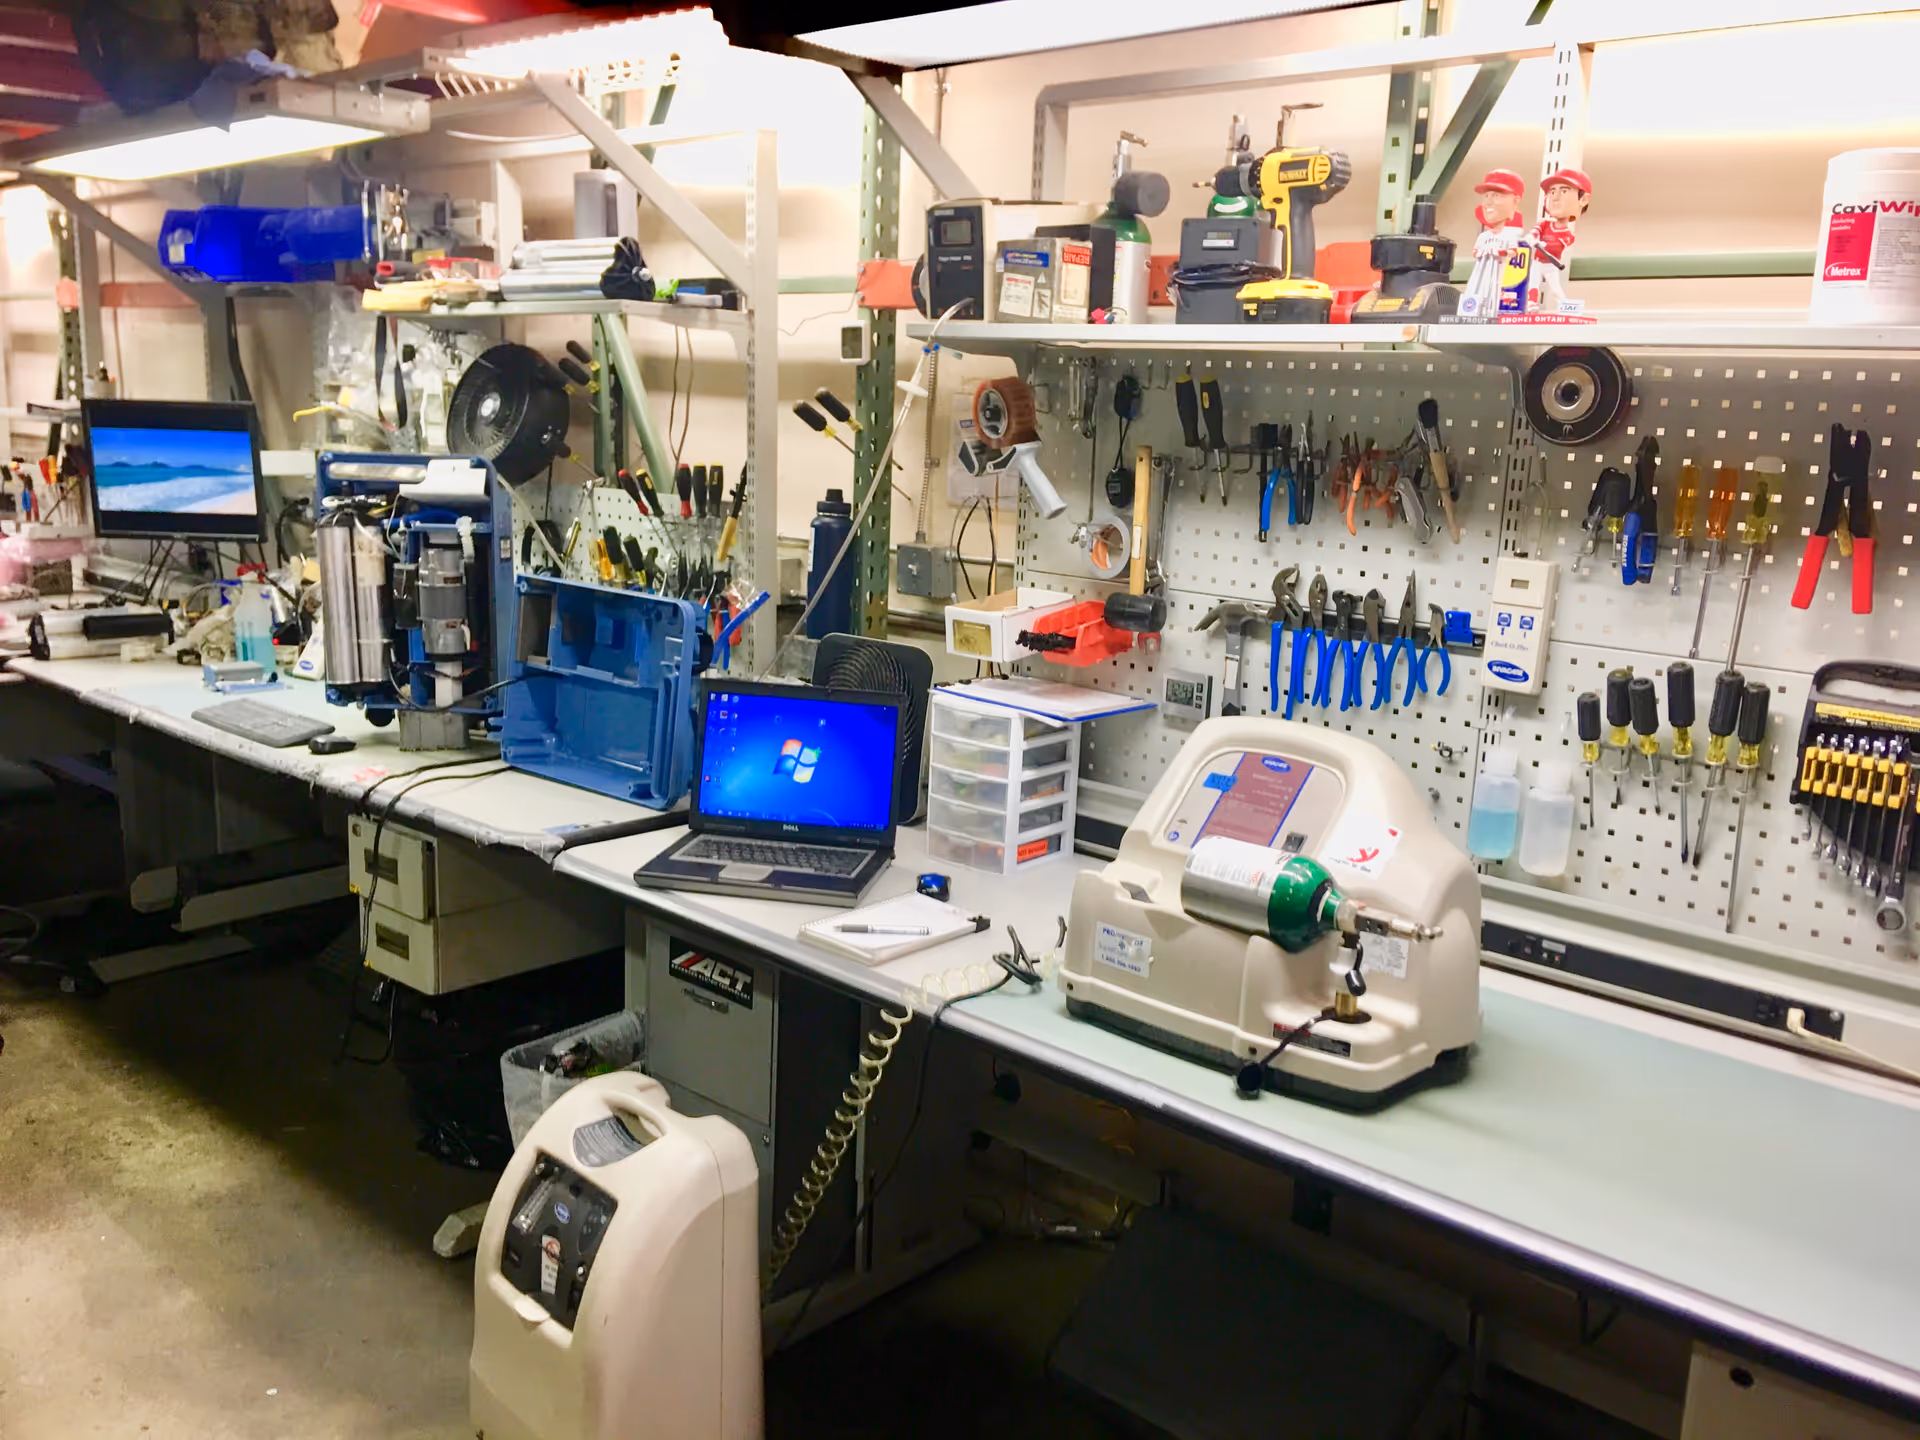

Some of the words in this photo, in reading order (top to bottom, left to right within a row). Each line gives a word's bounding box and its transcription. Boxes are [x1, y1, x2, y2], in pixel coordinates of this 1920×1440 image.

[1063, 252, 1090, 265] REPAIR
[1508, 252, 1527, 269] 40
[1830, 266, 1862, 277] Metrex
[1440, 316, 1460, 324] MIKE
[1461, 316, 1489, 325] TROUT
[1501, 316, 1532, 324] SHOHEI
[1534, 315, 1566, 324] OHTANI
[1621, 534, 1629, 568] KOBALT
[782, 823, 800, 832] DELL
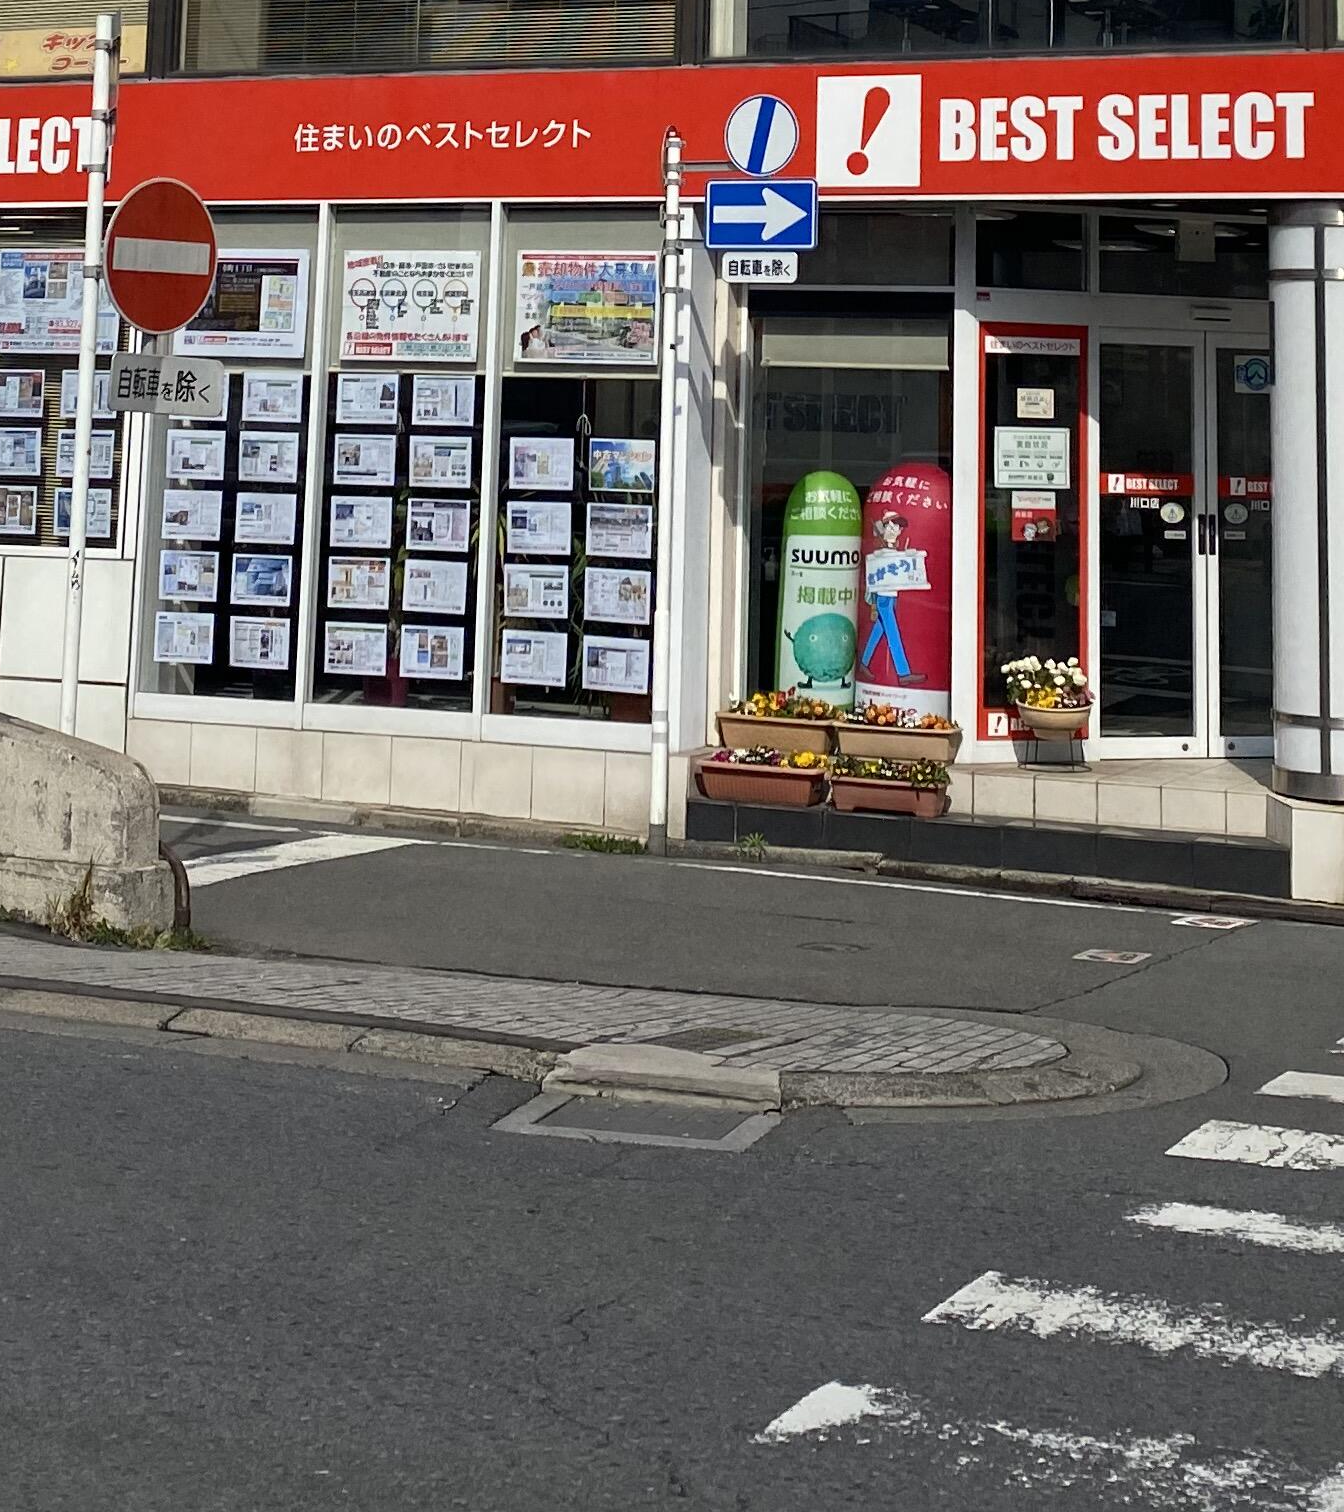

============================================================

- **Required work**
The entries above are to be returned exactly, without their pictures.

- **Solution**
Some of the words in this photo, in reading order (top to bottom, left to right within a row). Each line gives a word's bounding box and its transcription. Boxes are [x1, y1, x2, y2], in pixel coordinates of this 1920×1440 image.

[1063, 252, 1090, 265] REPAIR
[1508, 252, 1527, 269] 40
[1830, 266, 1862, 277] Metrex
[1440, 316, 1460, 324] MIKE
[1461, 316, 1489, 325] TROUT
[1501, 316, 1532, 324] SHOHEI
[1534, 315, 1566, 324] OHTANI
[1621, 534, 1629, 568] KOBALT
[782, 823, 800, 832] DELL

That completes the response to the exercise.